Saved data entries:
>>>>
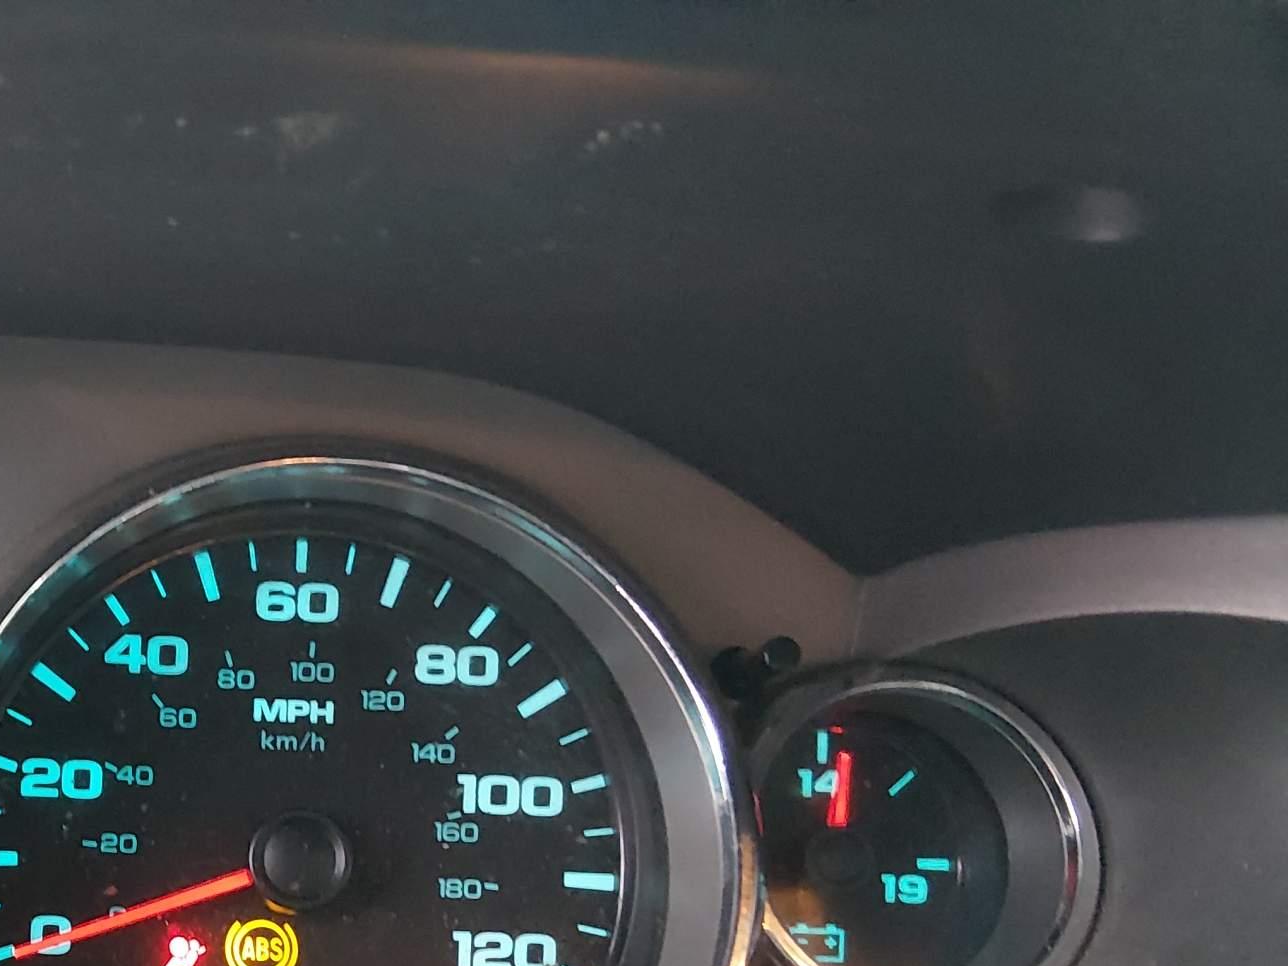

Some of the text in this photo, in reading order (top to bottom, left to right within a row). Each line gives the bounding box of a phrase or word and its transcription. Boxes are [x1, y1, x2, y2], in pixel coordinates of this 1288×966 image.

[255, 581, 340, 623] 60
[104, 633, 189, 675] 40
[414, 644, 500, 687] 80
[217, 668, 256, 690] 80
[290, 661, 335, 683] 100
[253, 697, 335, 725] MPH
[360, 689, 405, 712] 120
[159, 706, 197, 729] 60
[260, 729, 325, 752] km/h
[411, 742, 456, 764] 140
[20, 757, 104, 800] 20
[116, 765, 154, 786] 40
[797, 767, 840, 799] 14
[456, 773, 563, 818] 100
[99, 832, 138, 854] 20
[434, 821, 479, 844] 160
[438, 878, 482, 900] 180
[881, 873, 929, 905] 19
[30, 914, 72, 956] 0
[241, 936, 284, 962] ABS
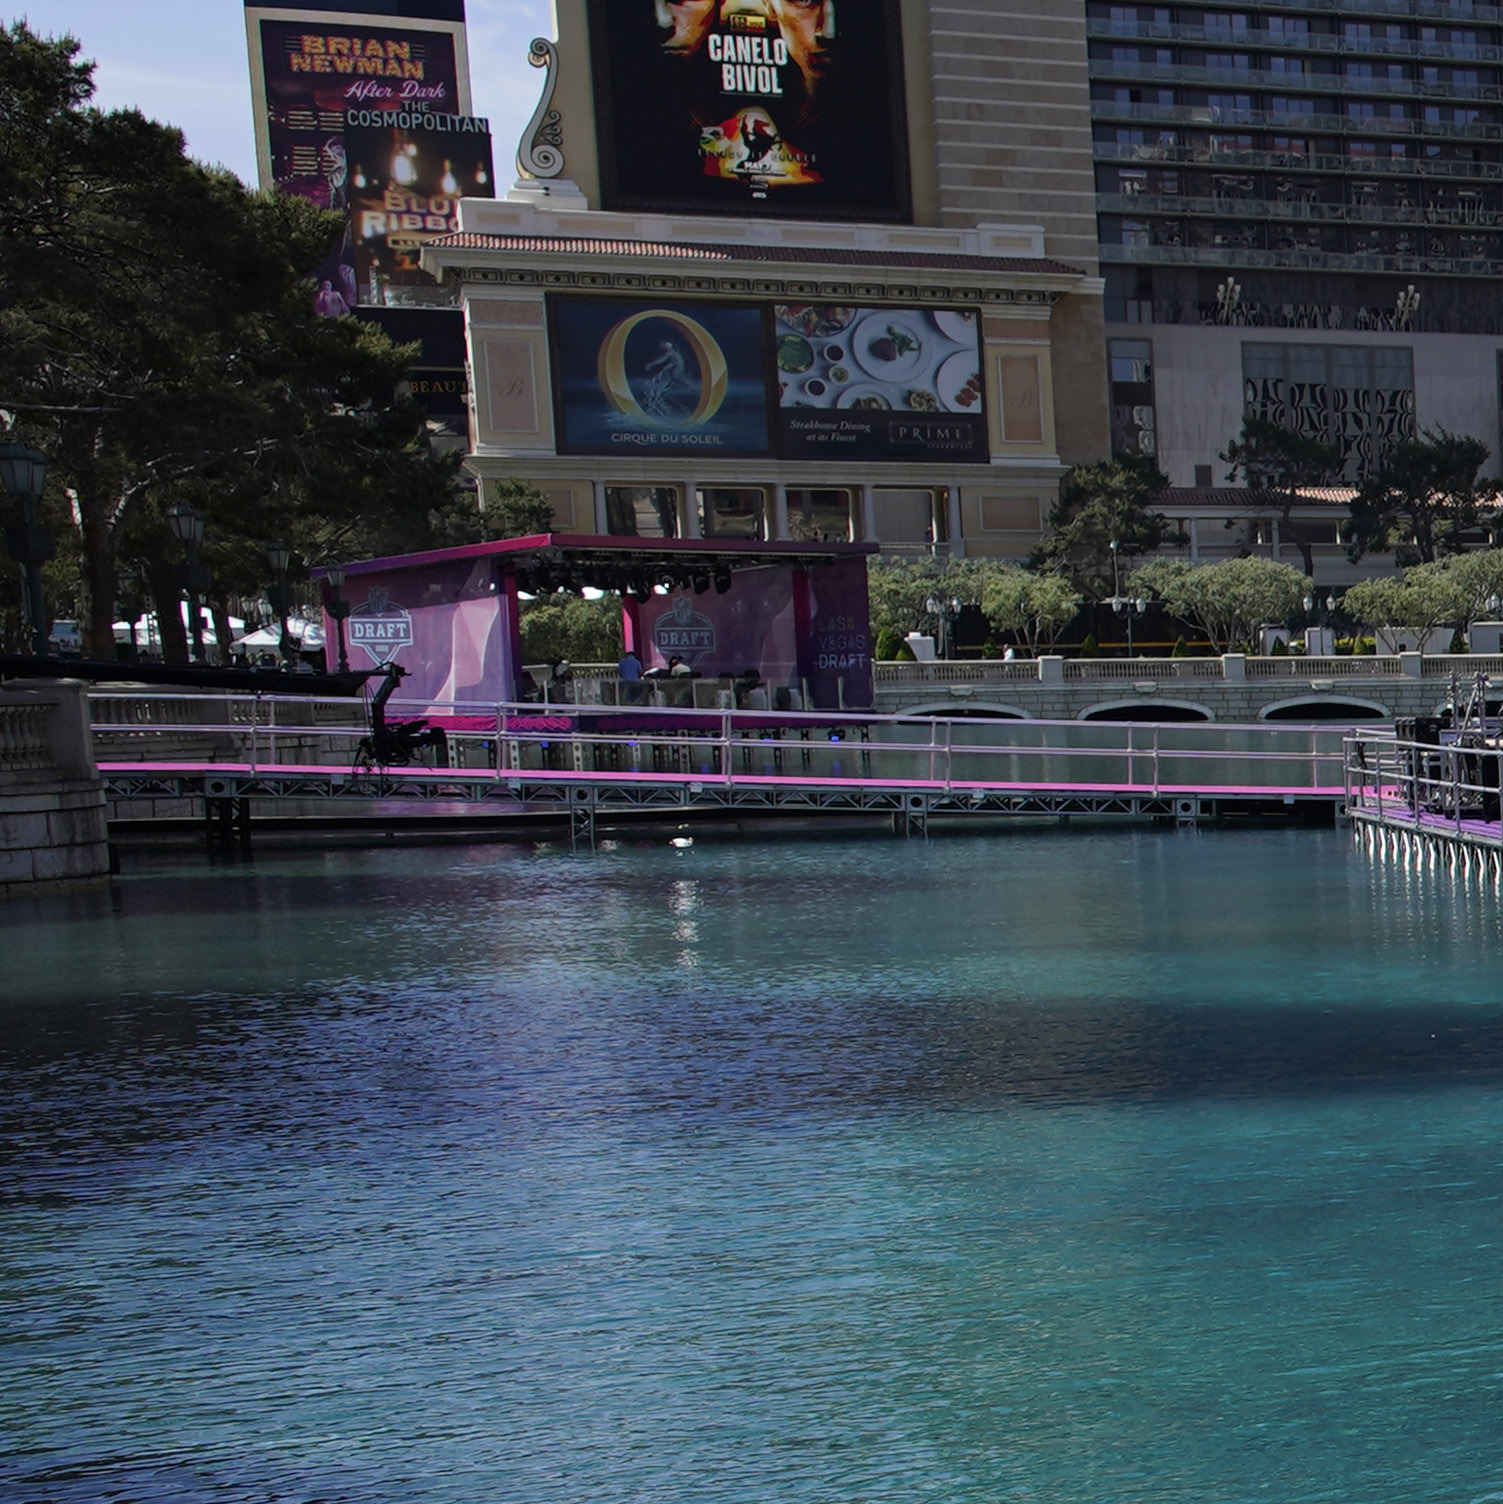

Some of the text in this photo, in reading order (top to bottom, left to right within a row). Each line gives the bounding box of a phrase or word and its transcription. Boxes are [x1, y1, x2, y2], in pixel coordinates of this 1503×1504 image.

[300, 34, 412, 59] BRIAN
[708, 33, 788, 66] CANELO
[289, 53, 424, 80] NEWMAN
[721, 63, 783, 94] BIVOL
[343, 79, 446, 102] After Dark
[402, 101, 430, 113] THE
[346, 107, 488, 133] COSMOPOLITAN
[839, 420, 871, 433] Dining
[611, 432, 723, 446] CIRQUE DU SOLEIL
[354, 623, 407, 638] DRAFT
[659, 631, 711, 646] DRAFT
[818, 652, 867, 669] DRAFT
<<<<
> What the task requires: Each record above must be retyped exactly, minus its pictures.

> Answer for the task:
Some of the text in this photo, in reading order (top to bottom, left to right within a row). Each line gives the bounding box of a phrase or word and its transcription. Boxes are [x1, y1, x2, y2], in pixel coordinates of this 1288×966 image.

[255, 581, 340, 623] 60
[104, 633, 189, 675] 40
[414, 644, 500, 687] 80
[217, 668, 256, 690] 80
[290, 661, 335, 683] 100
[253, 697, 335, 725] MPH
[360, 689, 405, 712] 120
[159, 706, 197, 729] 60
[260, 729, 325, 752] km/h
[411, 742, 456, 764] 140
[20, 757, 104, 800] 20
[116, 765, 154, 786] 40
[797, 767, 840, 799] 14
[456, 773, 563, 818] 100
[99, 832, 138, 854] 20
[434, 821, 479, 844] 160
[438, 878, 482, 900] 180
[881, 873, 929, 905] 19
[30, 914, 72, 956] 0
[241, 936, 284, 962] ABS

Some of the text in this photo, in reading order (top to bottom, left to right within a row). Each line gives the bounding box of a phrase or word and its transcription. Boxes are [x1, y1, x2, y2], in pixel coordinates of this 1503×1504 image.

[300, 34, 412, 59] BRIAN
[708, 33, 788, 66] CANELO
[289, 53, 424, 80] NEWMAN
[721, 63, 783, 94] BIVOL
[343, 79, 446, 102] After Dark
[402, 101, 430, 113] THE
[346, 107, 488, 133] COSMOPOLITAN
[839, 420, 871, 433] Dining
[611, 432, 723, 446] CIRQUE DU SOLEIL
[354, 623, 407, 638] DRAFT
[659, 631, 711, 646] DRAFT
[818, 652, 867, 669] DRAFT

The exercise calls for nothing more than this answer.